*** SOURCE DATA Section Begins ***
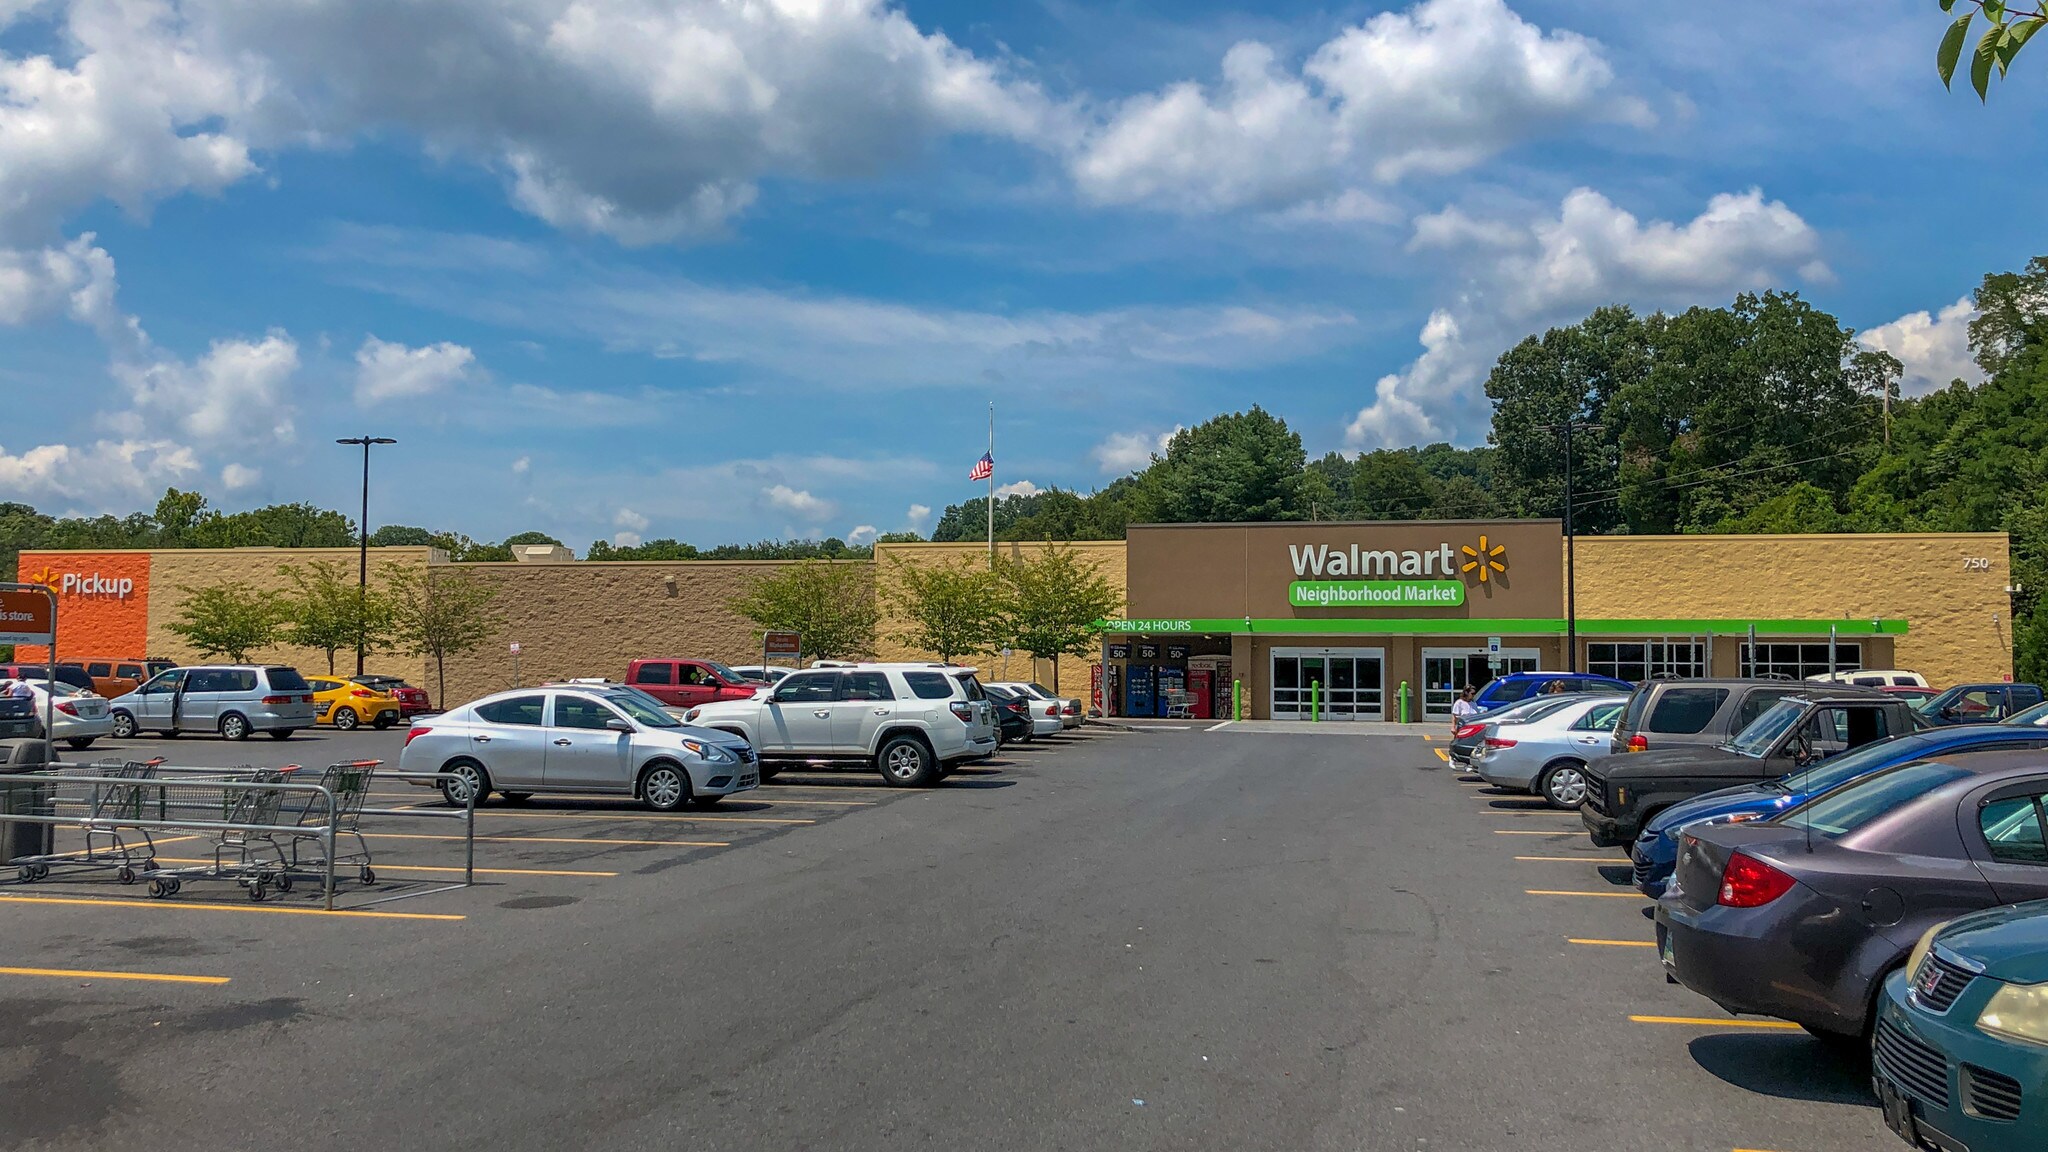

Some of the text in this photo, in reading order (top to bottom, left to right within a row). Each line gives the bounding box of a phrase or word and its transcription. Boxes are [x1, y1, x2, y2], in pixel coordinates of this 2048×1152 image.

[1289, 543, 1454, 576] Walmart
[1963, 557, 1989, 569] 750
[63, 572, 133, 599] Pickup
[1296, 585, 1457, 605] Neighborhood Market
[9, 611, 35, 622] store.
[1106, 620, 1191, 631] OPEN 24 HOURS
*** SOURCE DATA Section Ends ***
Only the pictures are dropped. Otherwise, write out the listing exactly.

Some of the text in this photo, in reading order (top to bottom, left to right within a row). Each line gives the bounding box of a phrase or word and its transcription. Boxes are [x1, y1, x2, y2], in pixel coordinates of this 2048×1152 image.

[1289, 543, 1454, 576] Walmart
[1963, 557, 1989, 569] 750
[63, 572, 133, 599] Pickup
[1296, 585, 1457, 605] Neighborhood Market
[9, 611, 35, 622] store.
[1106, 620, 1191, 631] OPEN 24 HOURS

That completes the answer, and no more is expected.